Guillermo Areas*
El jurado absuelve o condena al reo según su conciencia y no de acuerdo a las leyes o las pruebas. El fallo de un jurado de conciencia representa el sentir de la justicia popular en su más elevado sentido. El problema en el caso de Tirso no estuvo en el sistema de jurados, sino en el nicaragüense que pasa por momentos de inestabilidad, resentimiento e inquietud popular.
Lo anterior se pudo ver en las entrevistas efectuadas por el Diario LA Prensa el 12 de mayo de 2003 (“¿Usted qué opina?”): Cuatro de cinco respuestas aprobaron el fallo del jurado de conciencia a favor de Tirso Moreno. Para mi ese jurado decidió acerca de lo justo o injusto de que Tirso estuviera en la cárcel, independiente de si hubo delito o no.
¿Por qué ese pensar del Jurado? Después de entrevistar a unas cincuenta personas, incluyendo a dos que formaron parte del jurado de Tirso Moreno, se intuye la influencia en su conciencia de un proceso político desde los años 79, en el que la enseñanza ha sido que no hay capital a base del sudor de la frente, que es producto de la explotación y la burguesía nicaragüense es producto de la misma. Y los dueños de los medios son burgueses. Esa es la percepción del pueblo pobre e inculto, ladino (sagaz, taimado) pero no estúpido. El nicaragüense ha comprendido la falta de objetividad de la gran mayoría de medios de comunicación (parte de la burguesía) y el sacrificio que de la objetividad se hace en aras a las líneas políticas y de intereses personales de los dueños de estos medios.
Así como el pueblo aplaude la lucha de los medios contra la corrupción también comprende la parcialidad de estos en sus programas por sus preferencias políticas e intereses personales, y así se ve cómo cada gobierno premia a comunicadores insertándolos en las planillas gubernamentales más por los favores prestados en campaña que por capacidad.
Se tiene la percepción de que el Poder Judicial existe para condenar a los Benito Ramírez, pero no a la burguesía, y por eso está bajo constante crítica. Los diputados están más interesados en sus partidos y caudillos que en el pueblo y/o la patria misma; y el Ejecutivo, a pesar de sus esfuerzos y dedicación parece que al pueblo que está al borde de la miseria le resienten los llamados mega-salario y la mega-pensión (opinión alcanzada después de cincuenta entrevistas personales, no telefónicas).
Después de doce mil millones de dólares de deuda externa que dejó el FSLN, más dos mil millones de dólares que tiene que pagar el pueblo con sus impuestos para satisfacer la piñata sandinista, cuatrocientos millones de dólares que también pagará el pueblo por causa de los quiebra bancos, otros millones por actos de corrupción del gobierno anterior incluyendo sobre-sueldos bajo la mesa durante el período 96-2001, anti-constitucionales y anti ley de presupuesto, que también pagará el pueblo.
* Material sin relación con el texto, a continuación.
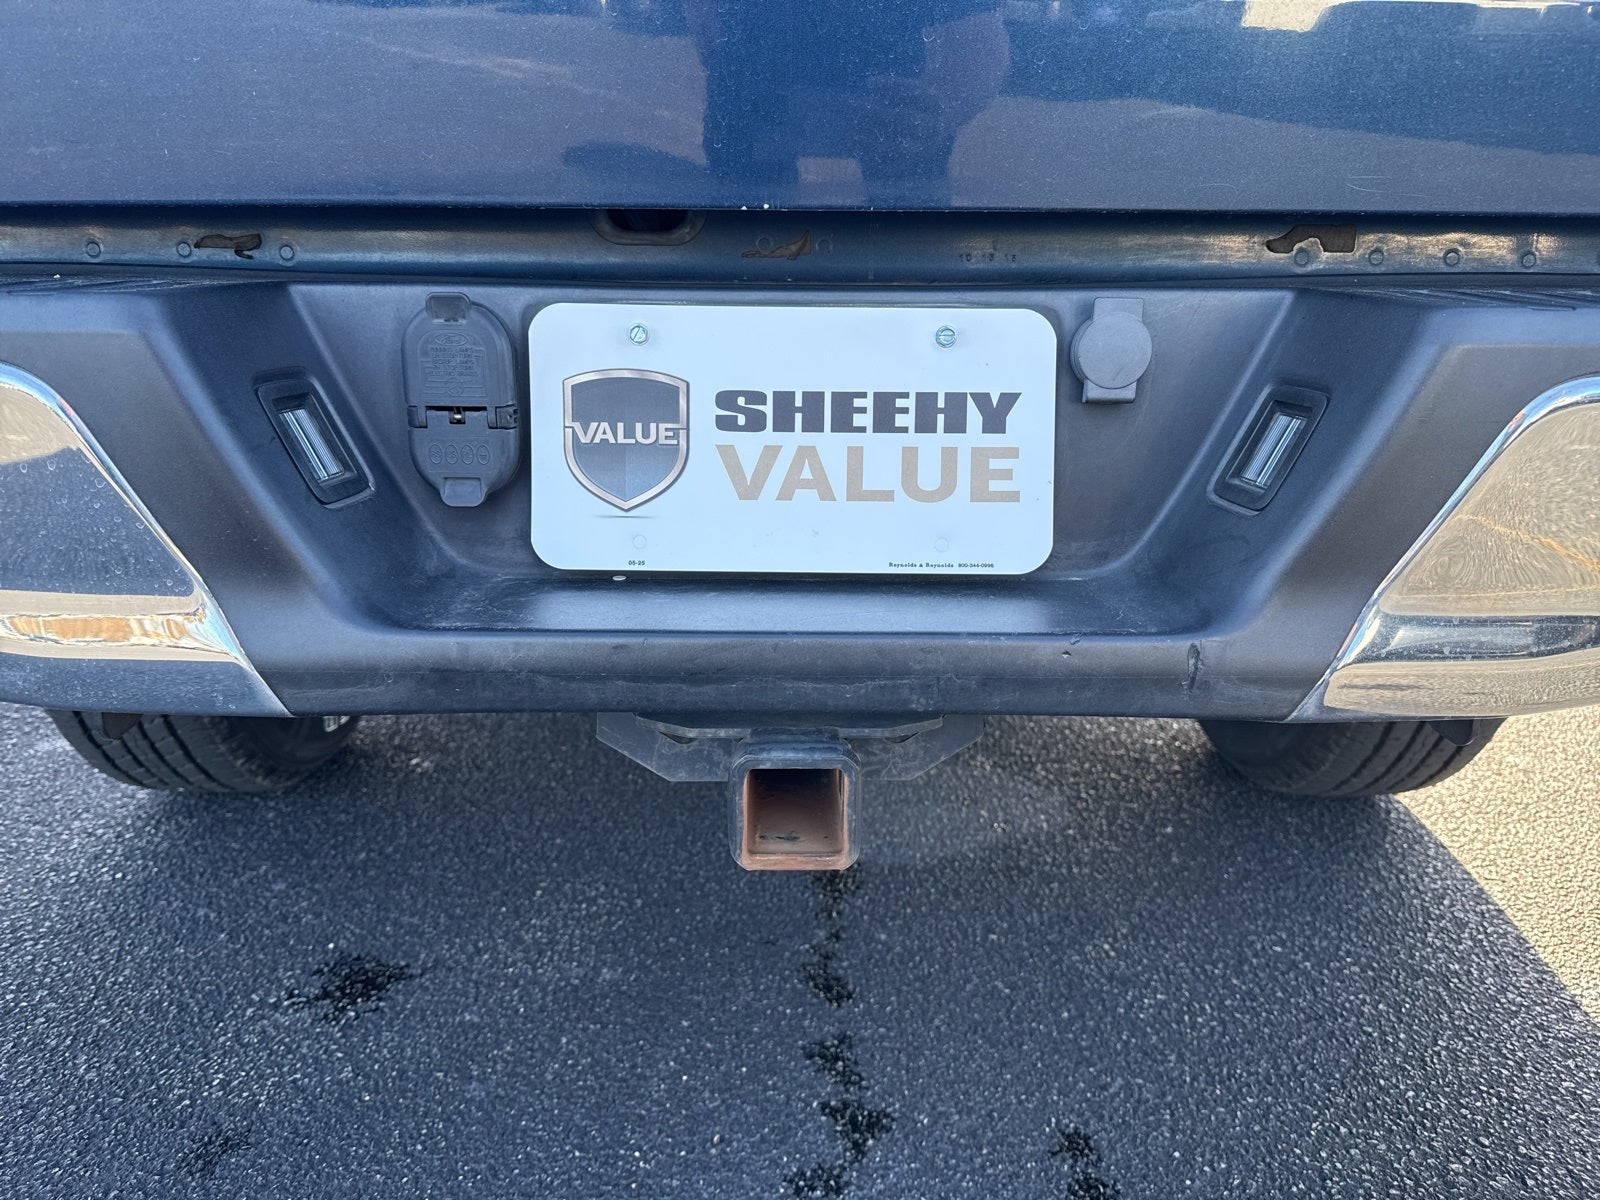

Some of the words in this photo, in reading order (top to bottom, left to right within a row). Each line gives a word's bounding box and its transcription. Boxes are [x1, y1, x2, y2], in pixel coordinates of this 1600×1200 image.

[571, 421, 679, 445] VALUE
[714, 390, 1022, 434] SHEEHY
[715, 444, 1021, 503] VALUE
Después de la impunidad de Pedrito El Hondureño, los secuestradores de la UNO, los asesinos de Arges Sequeira, etc., el pueblo no se pregunta si Tirso es culpable sino, ¿por qué va estar en la cárcel?
¿Creen ustedes que un jurado del “mero pueblo” condenaría a Tirso Moreno, quien no tiene medios de comunicación para defenderse, no le robó a nadie, no piñatéo nada, no quebró ningún banco, no hirió a nadie, no mató a nadie, no pidió rescate a nadie, nunca estuvo en la planilla secreta presidencial, no es miembro del Poder Judicial ni de la Asamblea, no se tomó pueblos ni saqueó bancos, estaba ebrio (según el pueblo “picado no vale”), pero de previo ya había sido condenado por la burguesía y los medios? ¿Y la conciencia del pueblo?
Yo como jurado hubiera apreciado pruebas y tomado en cuenta las leyes, pero el fallo de Tirso representó la conciencia del pueblo y es una protesta del mismo al modo de conducirse social, política y económicamente. Hay que preocuparse más por el pueblo y la patria, menos por partidos, caudillos y cosas materiales, y pedir al Señor que indique el camino. Hay que evolucionar antes de que sea tarde.
* El autor es Abogado y Notario Público.